**TASK REQUIREMENTS:**
Could the data below be copied out in full, word for word?

(Dataset entries)
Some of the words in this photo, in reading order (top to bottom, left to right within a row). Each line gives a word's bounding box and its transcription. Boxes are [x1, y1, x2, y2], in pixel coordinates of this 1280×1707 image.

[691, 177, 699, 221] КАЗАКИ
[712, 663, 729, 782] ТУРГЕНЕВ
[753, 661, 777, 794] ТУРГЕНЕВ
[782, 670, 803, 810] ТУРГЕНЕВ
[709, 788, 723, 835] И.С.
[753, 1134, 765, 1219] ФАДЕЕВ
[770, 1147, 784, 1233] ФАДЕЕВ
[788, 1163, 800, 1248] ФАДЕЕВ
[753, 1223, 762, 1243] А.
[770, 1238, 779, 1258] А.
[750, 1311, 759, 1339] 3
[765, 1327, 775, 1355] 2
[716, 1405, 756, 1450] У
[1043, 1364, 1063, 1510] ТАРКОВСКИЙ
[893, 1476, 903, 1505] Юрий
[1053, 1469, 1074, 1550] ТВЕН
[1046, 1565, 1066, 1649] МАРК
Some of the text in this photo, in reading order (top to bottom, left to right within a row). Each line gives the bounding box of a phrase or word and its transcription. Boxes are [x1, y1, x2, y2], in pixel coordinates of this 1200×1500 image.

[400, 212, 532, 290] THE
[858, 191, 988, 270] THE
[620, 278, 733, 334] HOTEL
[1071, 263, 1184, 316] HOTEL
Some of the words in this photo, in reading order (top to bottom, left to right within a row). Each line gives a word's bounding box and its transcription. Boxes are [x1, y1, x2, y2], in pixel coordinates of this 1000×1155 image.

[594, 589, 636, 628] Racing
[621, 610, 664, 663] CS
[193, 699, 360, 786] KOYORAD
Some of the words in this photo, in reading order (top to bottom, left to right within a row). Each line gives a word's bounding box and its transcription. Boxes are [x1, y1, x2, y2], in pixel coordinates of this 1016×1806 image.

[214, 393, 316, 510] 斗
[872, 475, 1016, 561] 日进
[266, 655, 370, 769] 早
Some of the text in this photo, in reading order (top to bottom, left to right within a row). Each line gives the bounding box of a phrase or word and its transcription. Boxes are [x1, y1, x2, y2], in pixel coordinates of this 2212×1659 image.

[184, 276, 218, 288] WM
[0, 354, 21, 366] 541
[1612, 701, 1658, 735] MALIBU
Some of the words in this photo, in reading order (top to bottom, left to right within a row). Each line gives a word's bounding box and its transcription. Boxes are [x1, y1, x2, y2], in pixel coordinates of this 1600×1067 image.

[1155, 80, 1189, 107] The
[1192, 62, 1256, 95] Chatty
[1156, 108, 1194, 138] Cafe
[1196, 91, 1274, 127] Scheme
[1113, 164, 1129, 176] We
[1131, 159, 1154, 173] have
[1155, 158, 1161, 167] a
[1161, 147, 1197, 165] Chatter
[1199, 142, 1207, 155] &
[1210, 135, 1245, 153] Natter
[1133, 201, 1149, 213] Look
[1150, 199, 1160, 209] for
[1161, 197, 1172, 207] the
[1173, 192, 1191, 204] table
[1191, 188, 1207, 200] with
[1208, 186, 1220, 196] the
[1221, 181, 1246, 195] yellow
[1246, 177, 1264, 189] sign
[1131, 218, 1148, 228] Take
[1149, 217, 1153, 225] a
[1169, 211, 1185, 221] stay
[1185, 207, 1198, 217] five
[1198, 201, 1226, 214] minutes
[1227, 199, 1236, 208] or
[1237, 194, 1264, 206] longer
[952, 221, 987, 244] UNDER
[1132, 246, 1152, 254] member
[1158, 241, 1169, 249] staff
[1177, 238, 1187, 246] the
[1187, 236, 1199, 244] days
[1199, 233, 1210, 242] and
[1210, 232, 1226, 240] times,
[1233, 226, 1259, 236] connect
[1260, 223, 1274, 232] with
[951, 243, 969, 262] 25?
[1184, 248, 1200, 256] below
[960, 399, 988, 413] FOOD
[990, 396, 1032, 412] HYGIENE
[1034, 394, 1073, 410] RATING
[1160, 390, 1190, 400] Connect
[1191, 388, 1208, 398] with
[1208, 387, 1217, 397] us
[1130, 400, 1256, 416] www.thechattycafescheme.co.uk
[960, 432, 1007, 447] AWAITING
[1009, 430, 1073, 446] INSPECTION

**RESULT BELOW:**
Some of the words in this photo, in reading order (top to bottom, left to right within a row). Each line gives a word's bounding box and its transcription. Boxes are [x1, y1, x2, y2], in pixel coordinates of this 1280×1707 image.

[691, 177, 699, 221] КАЗАКИ
[712, 663, 729, 782] ТУРГЕНЕВ
[753, 661, 777, 794] ТУРГЕНЕВ
[782, 670, 803, 810] ТУРГЕНЕВ
[709, 788, 723, 835] И.С.
[753, 1134, 765, 1219] ФАДЕЕВ
[770, 1147, 784, 1233] ФАДЕЕВ
[788, 1163, 800, 1248] ФАДЕЕВ
[753, 1223, 762, 1243] А.
[770, 1238, 779, 1258] А.
[750, 1311, 759, 1339] 3
[765, 1327, 775, 1355] 2
[716, 1405, 756, 1450] У
[1043, 1364, 1063, 1510] ТАРКОВСКИЙ
[893, 1476, 903, 1505] Юрий
[1053, 1469, 1074, 1550] ТВЕН
[1046, 1565, 1066, 1649] МАРК
Some of the text in this photo, in reading order (top to bottom, left to right within a row). Each line gives the bounding box of a phrase or word and its transcription. Boxes are [x1, y1, x2, y2], in pixel coordinates of this 1200×1500 image.

[400, 212, 532, 290] THE
[858, 191, 988, 270] THE
[620, 278, 733, 334] HOTEL
[1071, 263, 1184, 316] HOTEL
Some of the words in this photo, in reading order (top to bottom, left to right within a row). Each line gives a word's bounding box and its transcription. Boxes are [x1, y1, x2, y2], in pixel coordinates of this 1000×1155 image.

[594, 589, 636, 628] Racing
[621, 610, 664, 663] CS
[193, 699, 360, 786] KOYORAD
Some of the words in this photo, in reading order (top to bottom, left to right within a row). Each line gives a word's bounding box and its transcription. Boxes are [x1, y1, x2, y2], in pixel coordinates of this 1016×1806 image.

[214, 393, 316, 510] 斗
[872, 475, 1016, 561] 日进
[266, 655, 370, 769] 早
Some of the text in this photo, in reading order (top to bottom, left to right within a row). Each line gives the bounding box of a phrase or word and its transcription. Boxes are [x1, y1, x2, y2], in pixel coordinates of this 2212×1659 image.

[184, 276, 218, 288] WM
[0, 354, 21, 366] 541
[1612, 701, 1658, 735] MALIBU
Some of the words in this photo, in reading order (top to bottom, left to right within a row). Each line gives a word's bounding box and its transcription. Boxes are [x1, y1, x2, y2], in pixel coordinates of this 1600×1067 image.

[1155, 80, 1189, 107] The
[1192, 62, 1256, 95] Chatty
[1156, 108, 1194, 138] Cafe
[1196, 91, 1274, 127] Scheme
[1113, 164, 1129, 176] We
[1131, 159, 1154, 173] have
[1155, 158, 1161, 167] a
[1161, 147, 1197, 165] Chatter
[1199, 142, 1207, 155] &
[1210, 135, 1245, 153] Natter
[1133, 201, 1149, 213] Look
[1150, 199, 1160, 209] for
[1161, 197, 1172, 207] the
[1173, 192, 1191, 204] table
[1191, 188, 1207, 200] with
[1208, 186, 1220, 196] the
[1221, 181, 1246, 195] yellow
[1246, 177, 1264, 189] sign
[1131, 218, 1148, 228] Take
[1149, 217, 1153, 225] a
[1169, 211, 1185, 221] stay
[1185, 207, 1198, 217] five
[1198, 201, 1226, 214] minutes
[1227, 199, 1236, 208] or
[1237, 194, 1264, 206] longer
[952, 221, 987, 244] UNDER
[1132, 246, 1152, 254] member
[1158, 241, 1169, 249] staff
[1177, 238, 1187, 246] the
[1187, 236, 1199, 244] days
[1199, 233, 1210, 242] and
[1210, 232, 1226, 240] times,
[1233, 226, 1259, 236] connect
[1260, 223, 1274, 232] with
[951, 243, 969, 262] 25?
[1184, 248, 1200, 256] below
[960, 399, 988, 413] FOOD
[990, 396, 1032, 412] HYGIENE
[1034, 394, 1073, 410] RATING
[1160, 390, 1190, 400] Connect
[1191, 388, 1208, 398] with
[1208, 387, 1217, 397] us
[1130, 400, 1256, 416] www.thechattycafescheme.co.uk
[960, 432, 1007, 447] AWAITING
[1009, 430, 1073, 446] INSPECTION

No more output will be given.